#### [EXERCISE GOAL]
Would you quote every entry exactly, dropping only the pictures?

#### [RECORD SET]

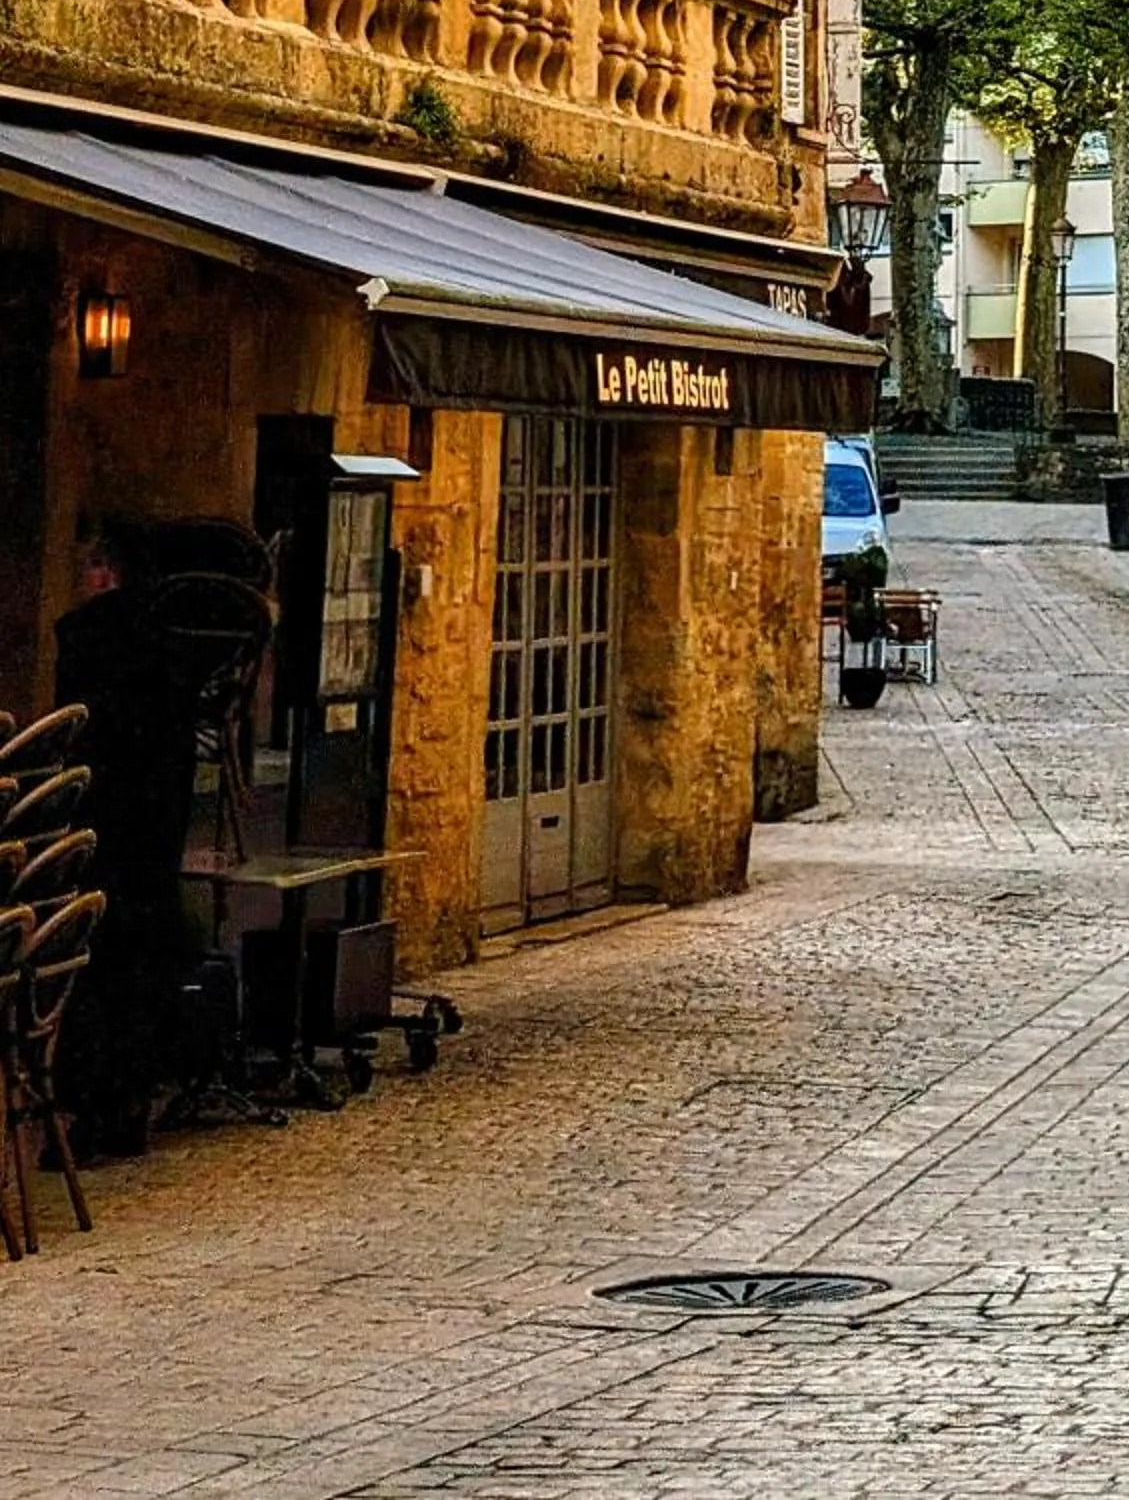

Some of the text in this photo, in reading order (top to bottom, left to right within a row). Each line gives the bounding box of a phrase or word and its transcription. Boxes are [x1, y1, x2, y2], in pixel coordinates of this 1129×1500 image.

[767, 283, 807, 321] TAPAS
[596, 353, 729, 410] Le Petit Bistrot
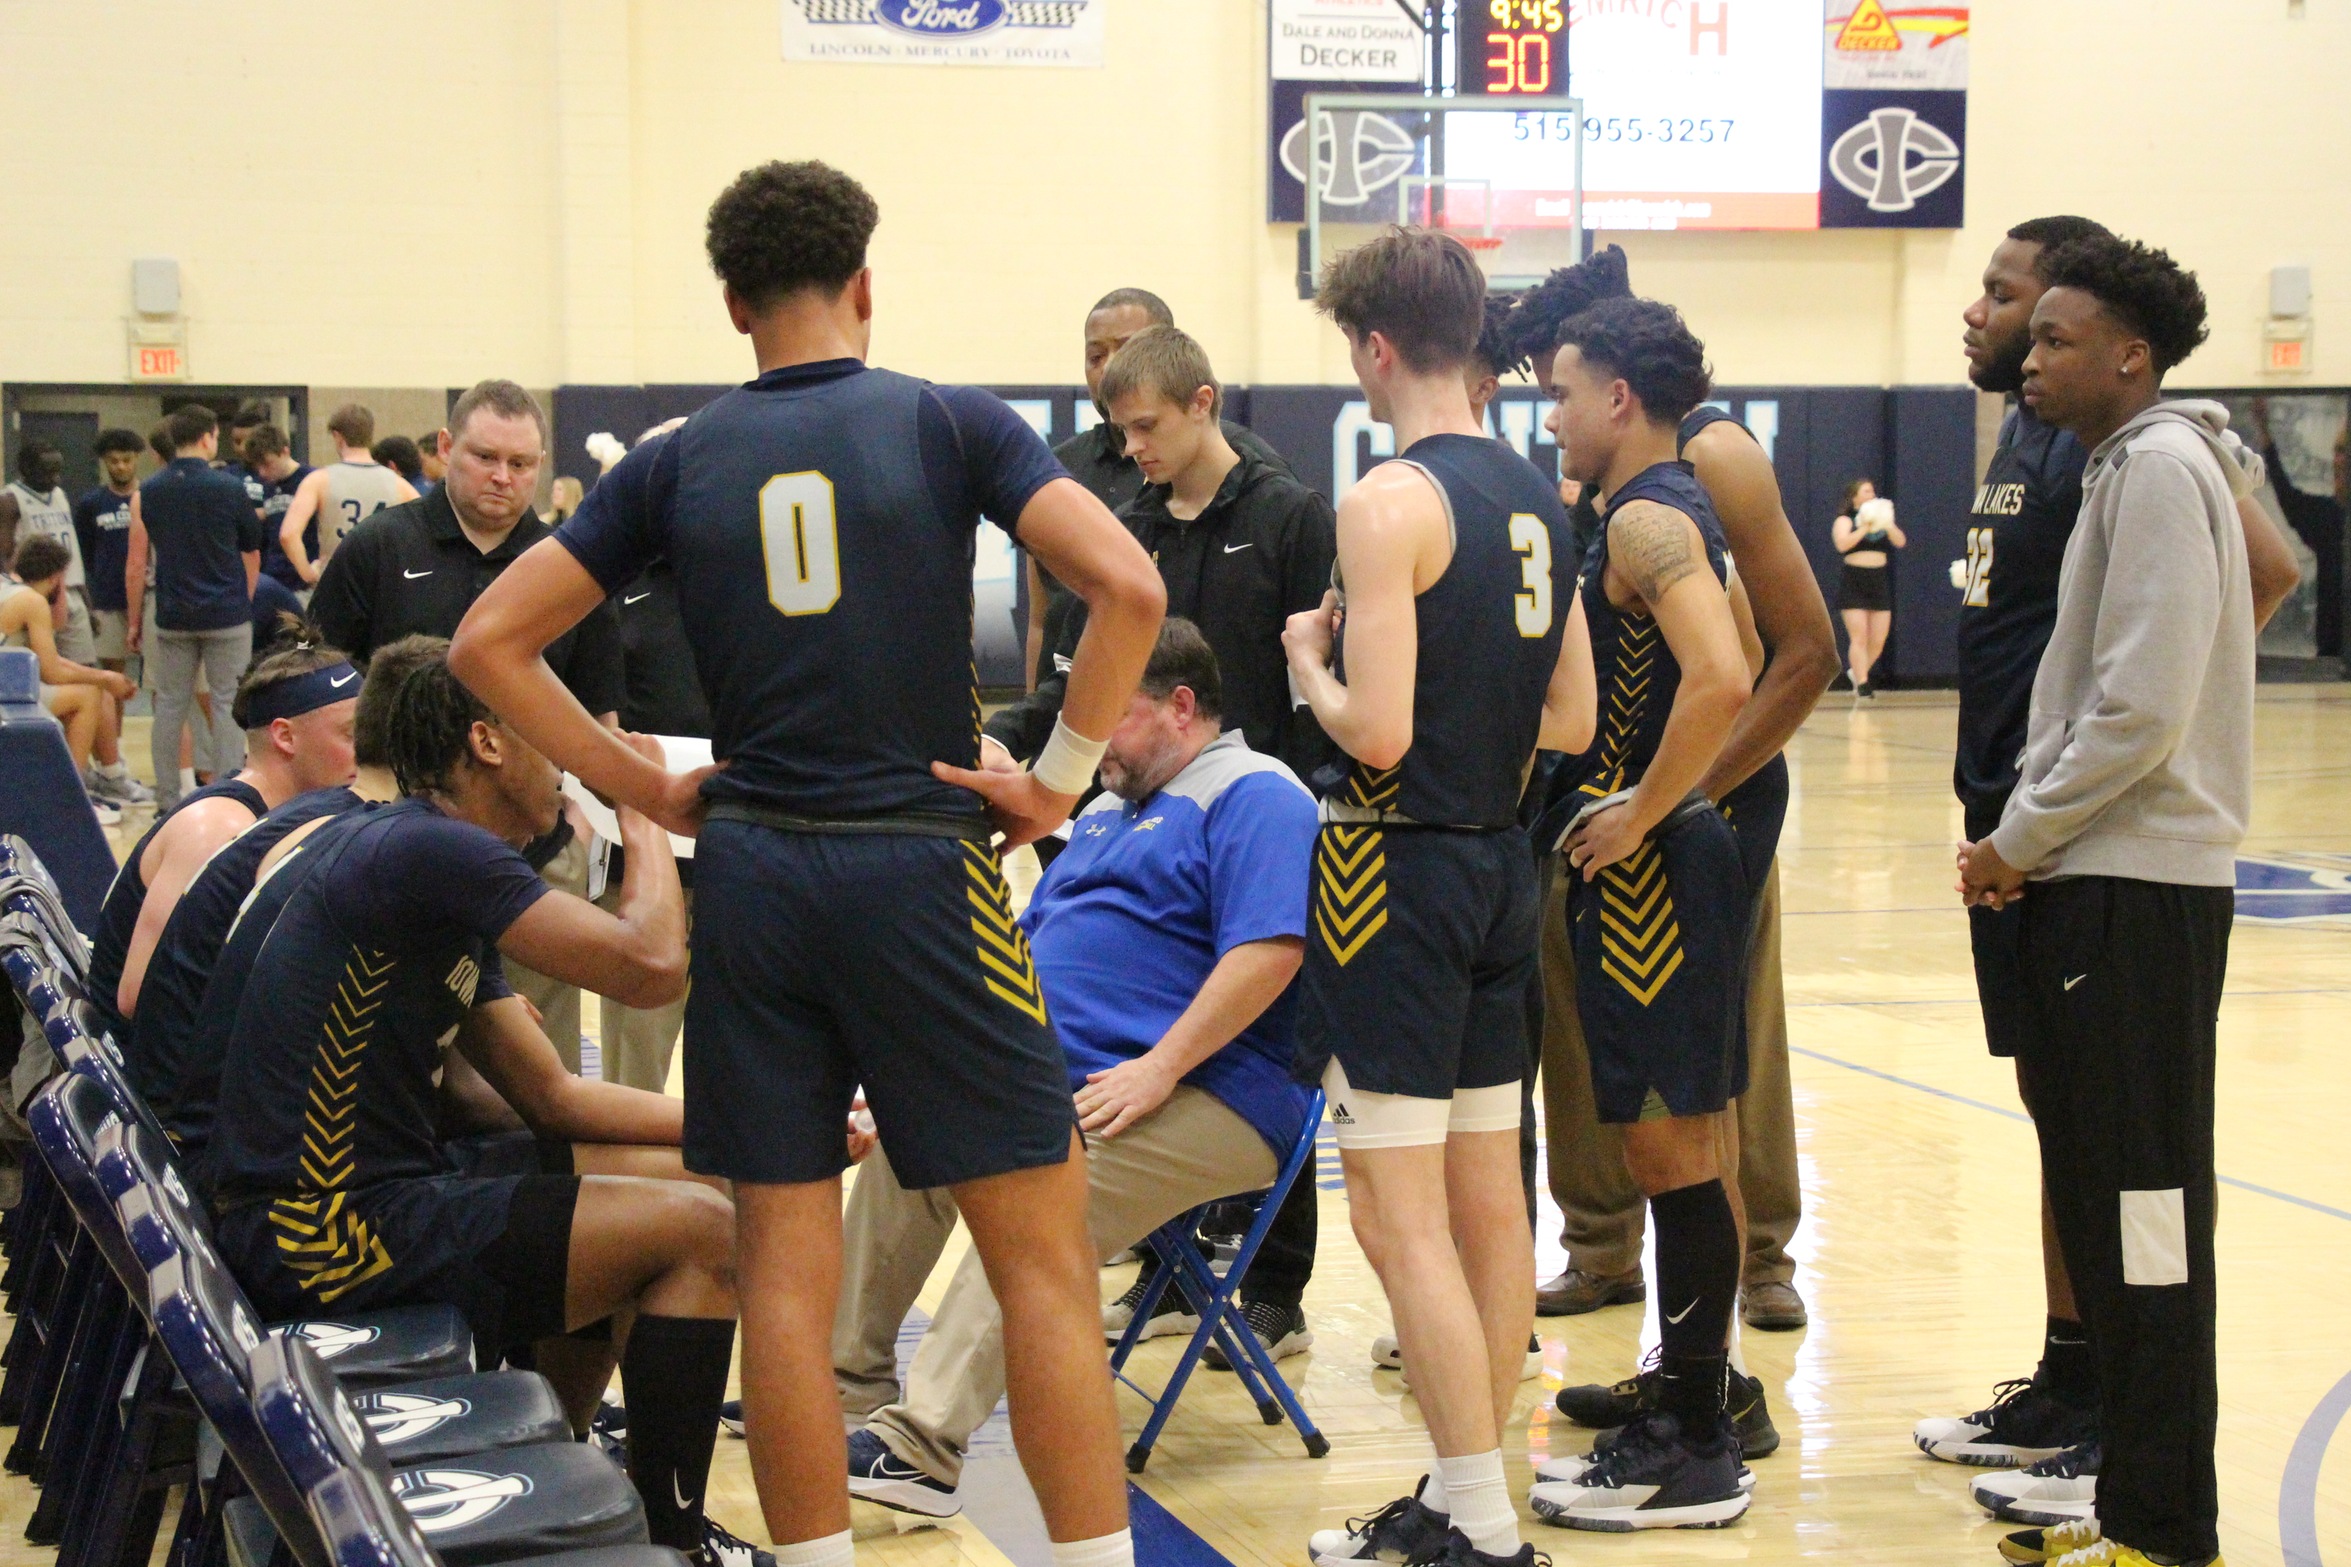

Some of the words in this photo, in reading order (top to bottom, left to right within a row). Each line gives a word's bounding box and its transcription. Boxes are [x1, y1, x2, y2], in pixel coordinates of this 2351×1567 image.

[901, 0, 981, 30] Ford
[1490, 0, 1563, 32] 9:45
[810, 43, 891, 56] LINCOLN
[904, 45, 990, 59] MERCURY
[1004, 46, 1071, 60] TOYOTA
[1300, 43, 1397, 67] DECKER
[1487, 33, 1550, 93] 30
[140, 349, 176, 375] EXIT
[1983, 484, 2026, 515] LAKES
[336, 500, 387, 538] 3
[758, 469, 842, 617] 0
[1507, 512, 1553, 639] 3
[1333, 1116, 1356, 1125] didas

#### [SOLUTION FOR THIS EXERCISE]
Some of the text in this photo, in reading order (top to bottom, left to right within a row). Each line gives the bounding box of a phrase or word and its transcription. Boxes are [x1, y1, x2, y2], in pixel coordinates of this 1129×1500 image.

[767, 283, 807, 321] TAPAS
[596, 353, 729, 410] Le Petit Bistrot

Some of the words in this photo, in reading order (top to bottom, left to right within a row). Each line gives a word's bounding box and its transcription. Boxes are [x1, y1, x2, y2], in pixel coordinates of this 2351×1567 image.

[901, 0, 981, 30] Ford
[1490, 0, 1563, 32] 9:45
[810, 43, 891, 56] LINCOLN
[904, 45, 990, 59] MERCURY
[1004, 46, 1071, 60] TOYOTA
[1300, 43, 1397, 67] DECKER
[1487, 33, 1550, 93] 30
[140, 349, 176, 375] EXIT
[1983, 484, 2026, 515] LAKES
[336, 500, 387, 538] 3
[758, 469, 842, 617] 0
[1507, 512, 1553, 639] 3
[1333, 1116, 1356, 1125] didas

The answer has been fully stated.